● Work order: Images are to be left out when the records below are printed word for word.

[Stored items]
---+---

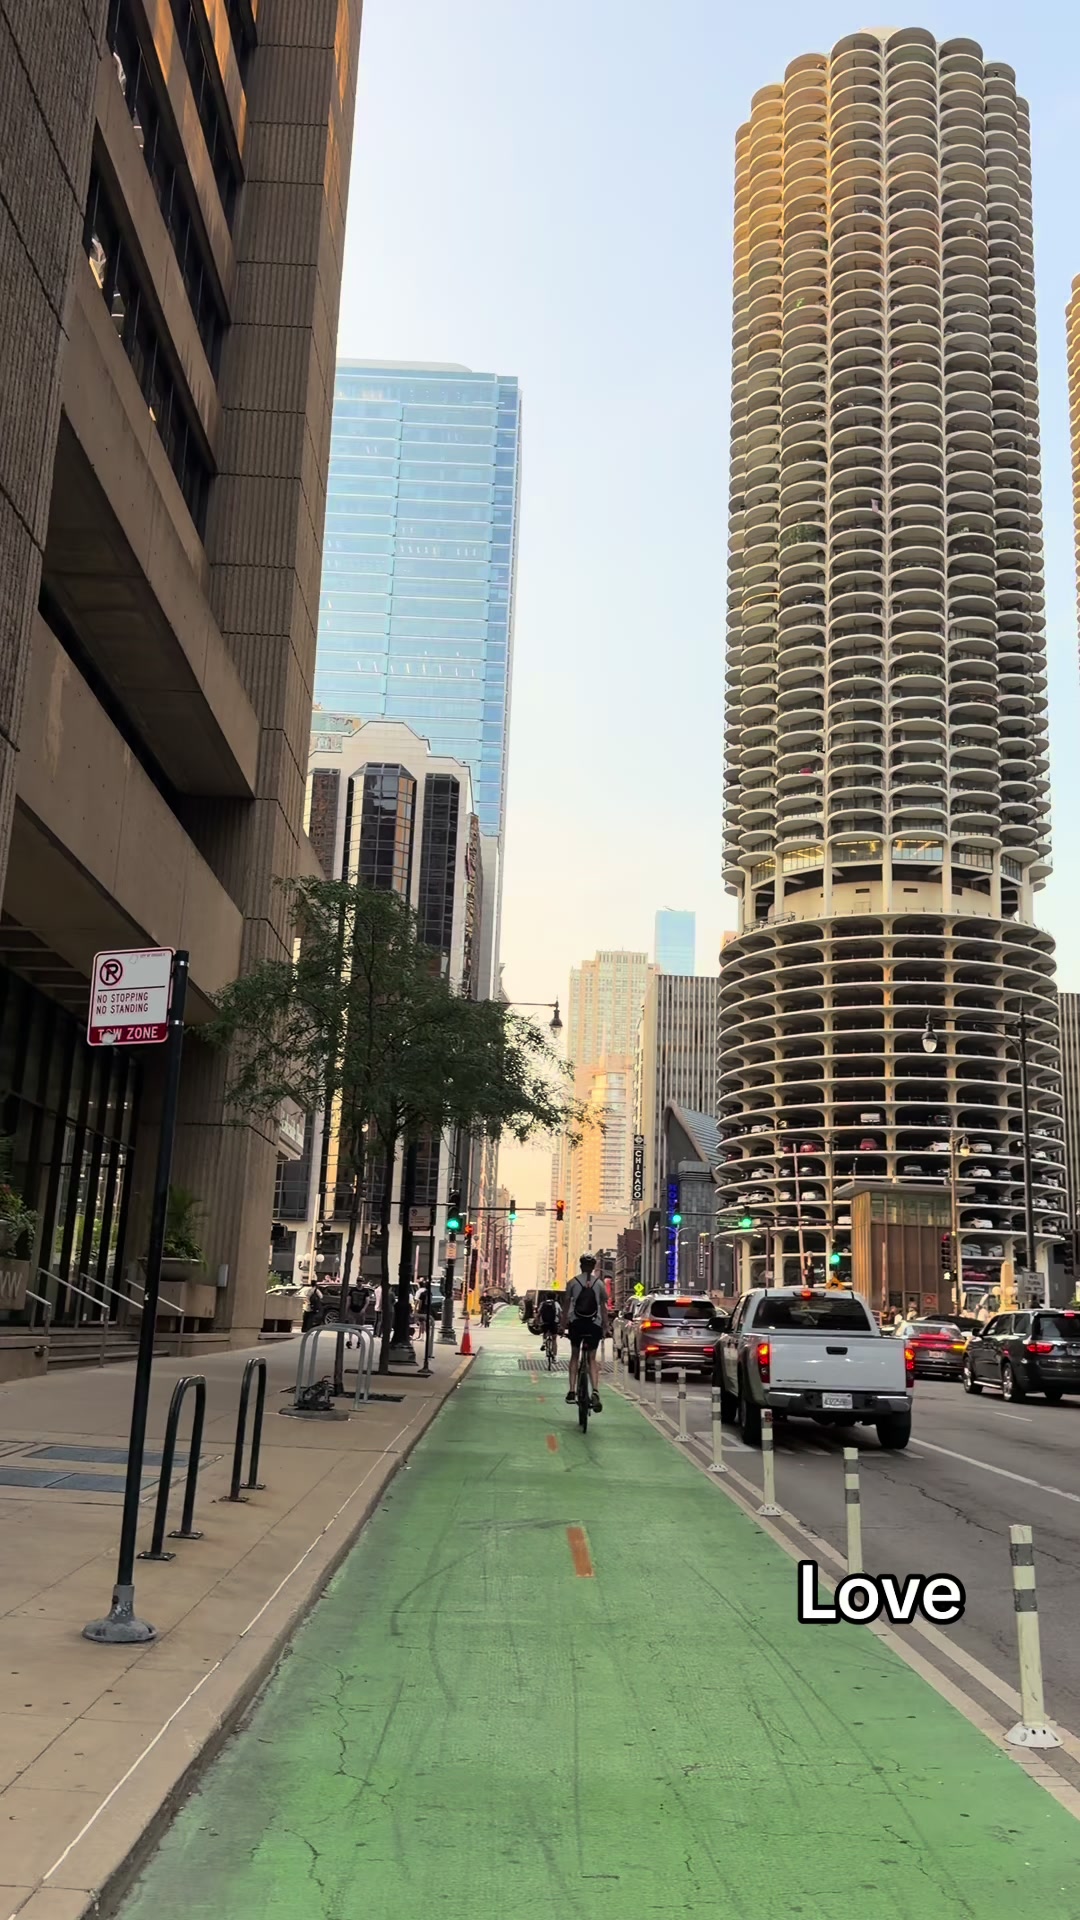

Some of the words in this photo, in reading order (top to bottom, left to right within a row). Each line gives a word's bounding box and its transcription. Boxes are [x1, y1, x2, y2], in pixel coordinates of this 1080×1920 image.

[97, 995, 108, 1004] NO
[110, 992, 149, 1003] STOPPING
[96, 1006, 107, 1015] NO
[110, 1003, 149, 1014] STANDING
[98, 1028, 122, 1041] TW
[126, 1026, 158, 1040] ZONE
[634, 1150, 643, 1199] CHICAGO
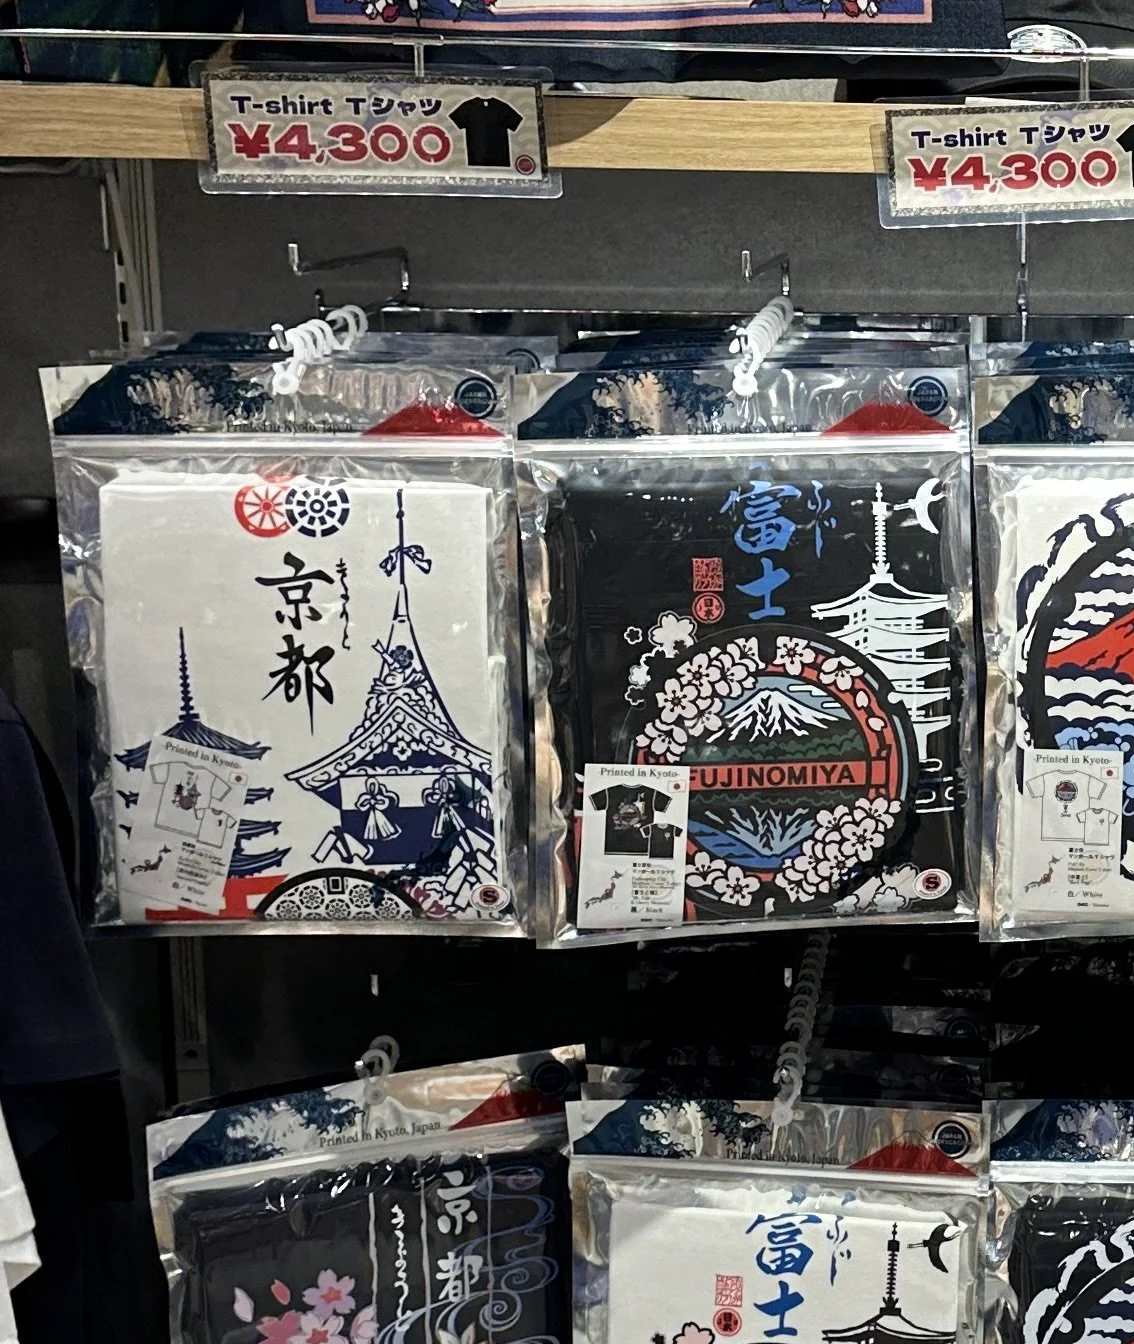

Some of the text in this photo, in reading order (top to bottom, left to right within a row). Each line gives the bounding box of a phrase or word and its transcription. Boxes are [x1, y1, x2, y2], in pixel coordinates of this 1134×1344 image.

[230, 94, 444, 117] T-shirt Tシャツ
[226, 122, 453, 164] ¥4,300
[910, 123, 1111, 149] T-shirt Tシャツ
[907, 150, 1118, 194] ¥4,300
[720, 479, 802, 621] 富士
[254, 551, 335, 735] 京都
[689, 764, 856, 790] FUJINOMIYA
[435, 1169, 484, 1304] 京都
[745, 1212, 823, 1338] 富士
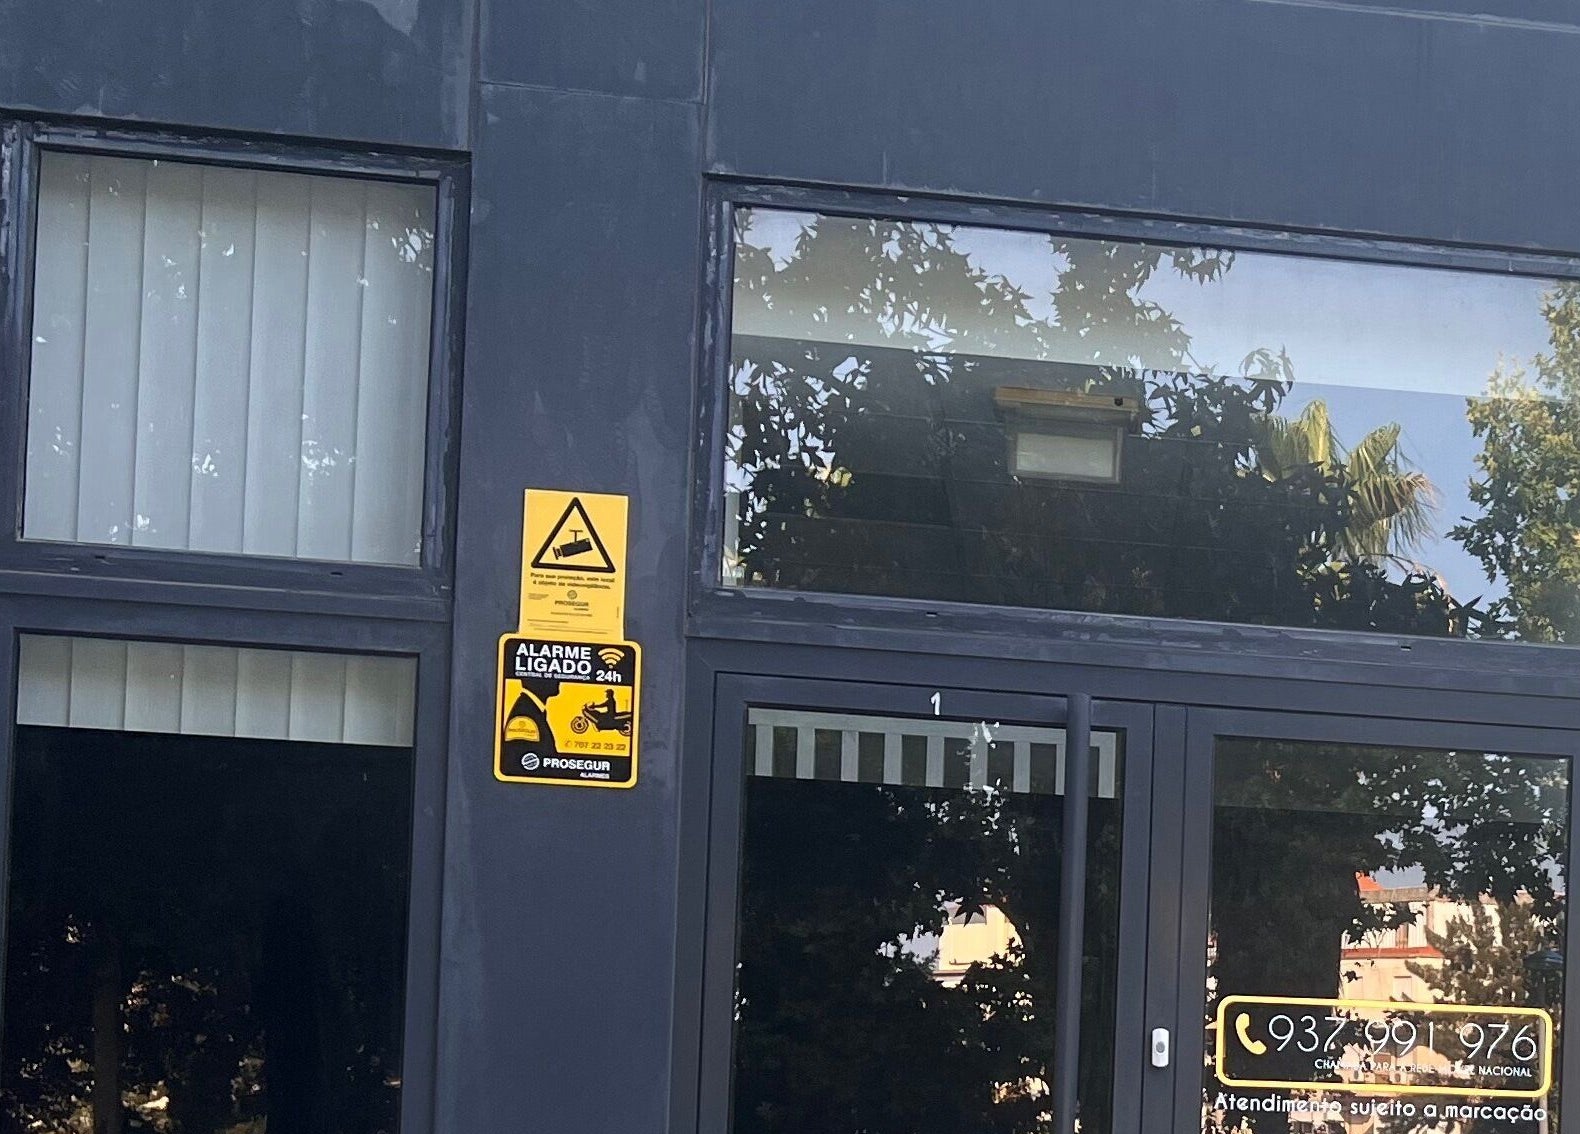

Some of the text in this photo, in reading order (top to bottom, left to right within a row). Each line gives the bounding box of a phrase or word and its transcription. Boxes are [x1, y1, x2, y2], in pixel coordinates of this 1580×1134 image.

[516, 642, 592, 660] ALARME
[515, 656, 592, 675] LIGADO
[595, 669, 622, 683] 24h
[542, 757, 611, 771] PROSEGUR
[1267, 1013, 1538, 1062] 937 991 976
[1314, 1057, 1367, 1073] CHAA
[1478, 1064, 1533, 1078] NACIONAL
[1213, 1092, 1547, 1124] Atendimento sujeito a marcação
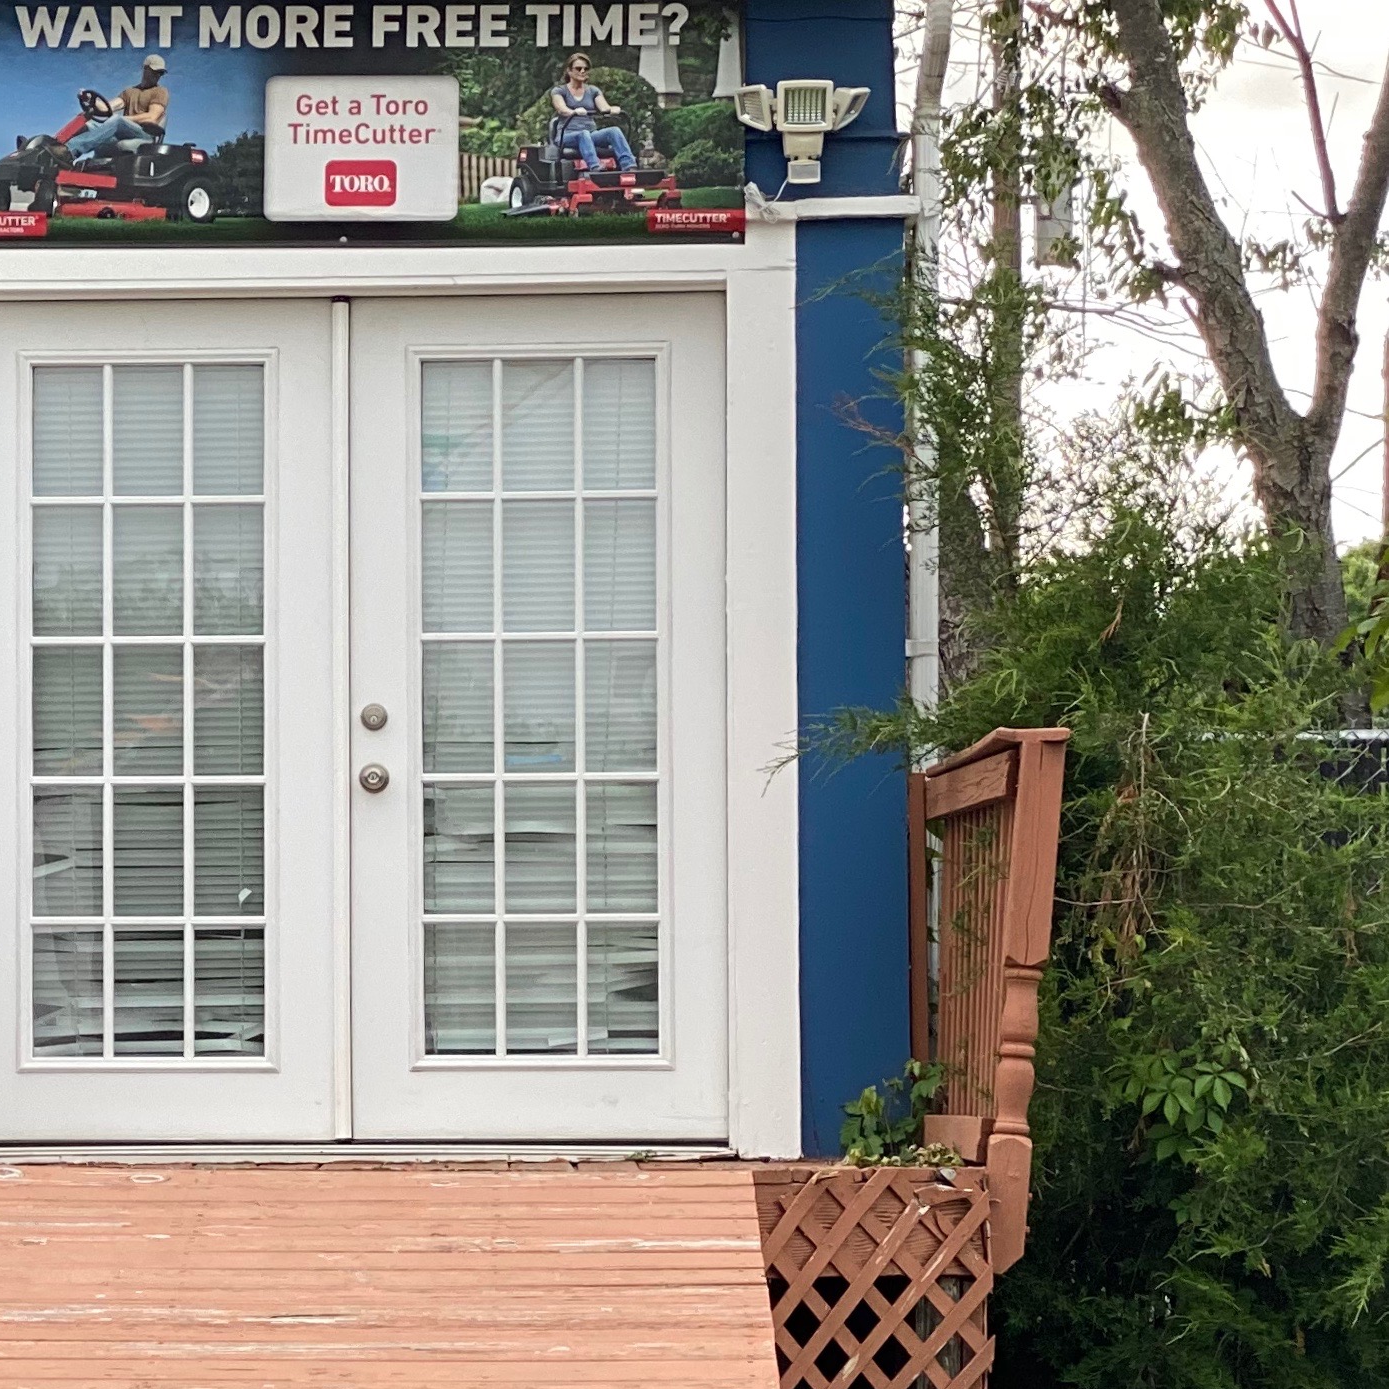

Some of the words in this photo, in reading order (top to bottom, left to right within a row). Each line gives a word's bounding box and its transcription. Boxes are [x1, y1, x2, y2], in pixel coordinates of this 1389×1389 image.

[15, 5, 183, 49] WANT
[199, 4, 354, 48] MORE
[372, 4, 510, 48] FREE
[525, 2, 689, 47] TIME?
[296, 94, 339, 116] Get
[348, 99, 361, 116] a
[370, 94, 428, 116] Toro
[288, 122, 437, 145] TimeCutter
[329, 174, 390, 193] TORO
[654, 213, 728, 223] TIMECUTTER

---+---

● Response to this task:
Some of the words in this photo, in reading order (top to bottom, left to right within a row). Each line gives a word's bounding box and its transcription. Boxes are [x1, y1, x2, y2], in pixel coordinates of this 1080×1920 image.

[97, 995, 108, 1004] NO
[110, 992, 149, 1003] STOPPING
[96, 1006, 107, 1015] NO
[110, 1003, 149, 1014] STANDING
[98, 1028, 122, 1041] TW
[126, 1026, 158, 1040] ZONE
[634, 1150, 643, 1199] CHICAGO

Some of the text in this photo, in reading order (top to bottom, left to right within a row). Each line gives the bounding box of a phrase or word and its transcription. Boxes are [x1, y1, x2, y2], in pixel coordinates of this 1134×1344 image.

[230, 94, 444, 117] T-shirt Tシャツ
[226, 122, 453, 164] ¥4,300
[910, 123, 1111, 149] T-shirt Tシャツ
[907, 150, 1118, 194] ¥4,300
[720, 479, 802, 621] 富士
[254, 551, 335, 735] 京都
[689, 764, 856, 790] FUJINOMIYA
[435, 1169, 484, 1304] 京都
[745, 1212, 823, 1338] 富士

Some of the text in this photo, in reading order (top to bottom, left to right within a row). Each line gives the bounding box of a phrase or word and its transcription. Boxes are [x1, y1, x2, y2], in pixel coordinates of this 1580×1134 image.

[516, 642, 592, 660] ALARME
[515, 656, 592, 675] LIGADO
[595, 669, 622, 683] 24h
[542, 757, 611, 771] PROSEGUR
[1267, 1013, 1538, 1062] 937 991 976
[1314, 1057, 1367, 1073] CHAA
[1478, 1064, 1533, 1078] NACIONAL
[1213, 1092, 1547, 1124] Atendimento sujeito a marcação

Some of the words in this photo, in reading order (top to bottom, left to right within a row). Each line gives a word's bounding box and its transcription. Boxes are [x1, y1, x2, y2], in pixel coordinates of this 1389×1389 image.

[15, 5, 183, 49] WANT
[199, 4, 354, 48] MORE
[372, 4, 510, 48] FREE
[525, 2, 689, 47] TIME?
[296, 94, 339, 116] Get
[348, 99, 361, 116] a
[370, 94, 428, 116] Toro
[288, 122, 437, 145] TimeCutter
[329, 174, 390, 193] TORO
[654, 213, 728, 223] TIMECUTTER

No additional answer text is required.